Dass nicht nur Kinder und Jugendliche von Mobbing und Cybermobbing betroffen sind, zeigt diese Studie des Vereins „Bündnis gegen Cybermobbing e.V.“ und der Stiftung Bildung und Soziales der Sparda-Bank Baden-Württemberg auf.

Wie schon beim letzten Mal wurde für eine vergleichende Analyse die Befragung auch in Österreich und der deutschsprachigen Schweiz durchgeführt. Mittels einer standardisierten Onlinebefragung wurden insgesamt 4.000 Personen im Alter zwischen 18 und 65 Jahren befragt. 2.000 kamen aus Deutschland und jeweils 1.000 aus Österreich bzw. der Schweiz. Über 60% der Befragten waren schon einmal in Mobbing oder Cybermobbing-Situationen involviert.
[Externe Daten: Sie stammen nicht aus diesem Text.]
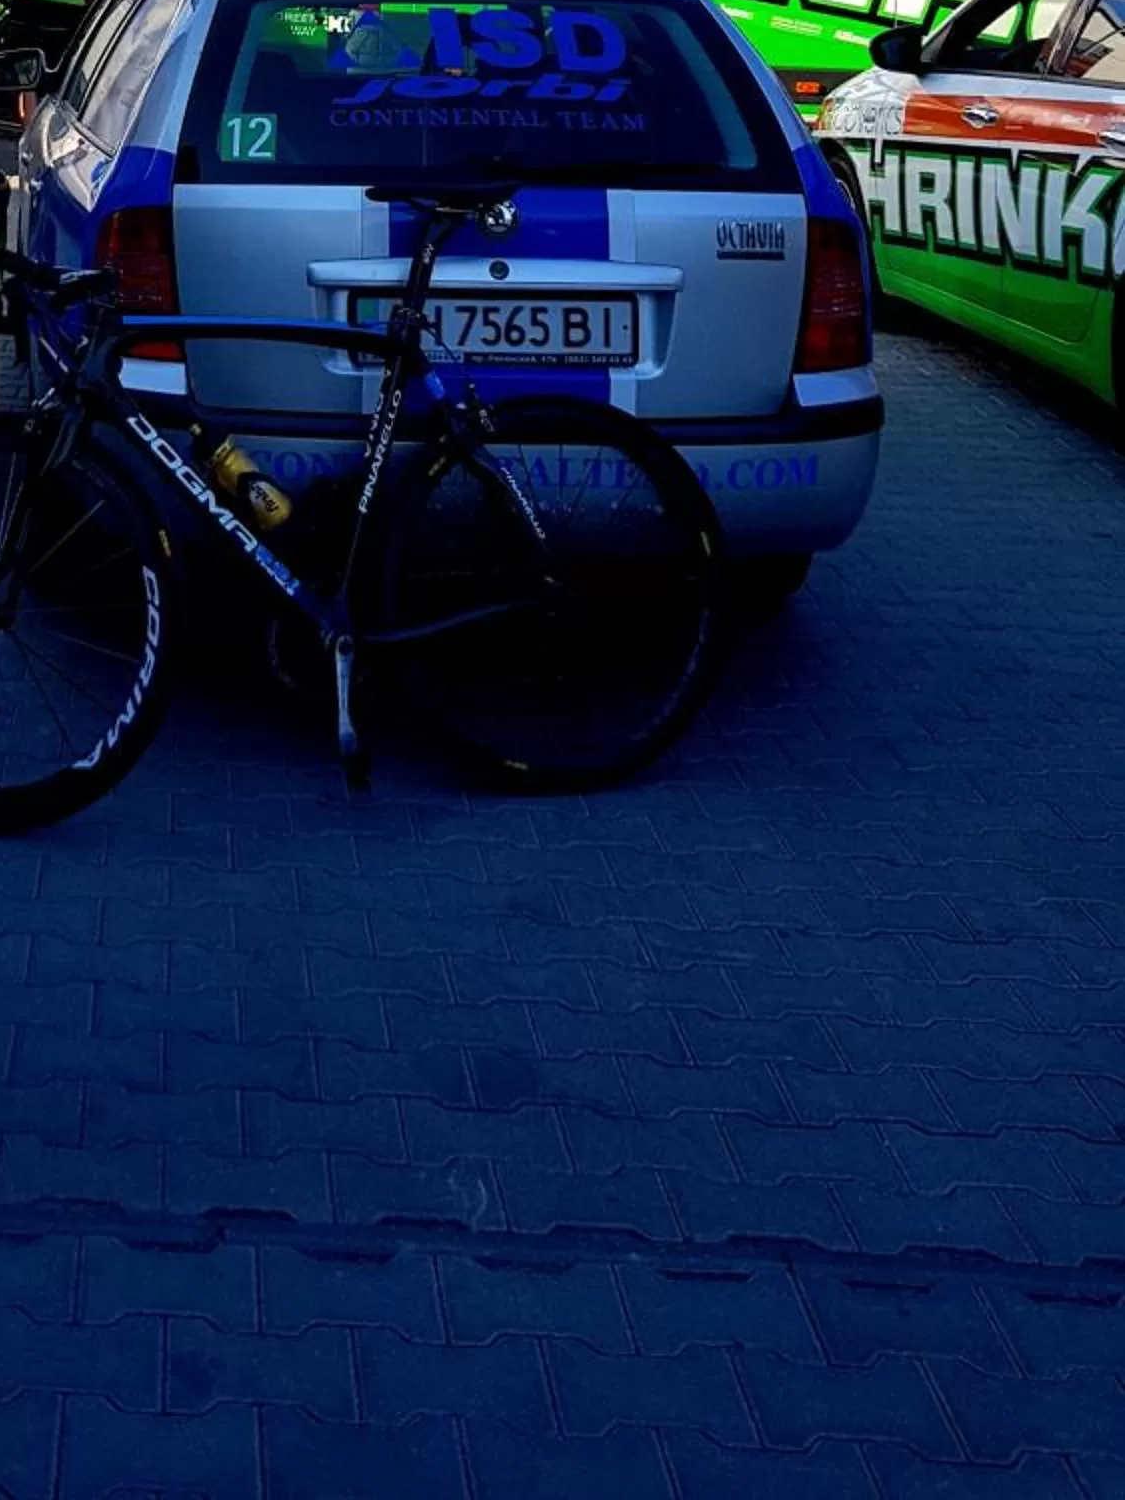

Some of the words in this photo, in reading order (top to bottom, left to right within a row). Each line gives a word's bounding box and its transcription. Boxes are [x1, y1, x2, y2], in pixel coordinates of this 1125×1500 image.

Die Analyse zeigt die Veränderungen seit der Wiederholungsstudie im Jahr 2018 auf. In den letzten drei Jahren hat sich die Prävalenzrate bei Mobbing um 8,3% und bei Cybermobbing sogar um 25% gesteigert.
Mobbing ist nicht nur ein Phänomen der Arbeitswelt. Kaum ein Lebensbereich bleibt davon verschont. Auch die Ausbreitung in andere Lebensbereiche hat weiter zugenommen.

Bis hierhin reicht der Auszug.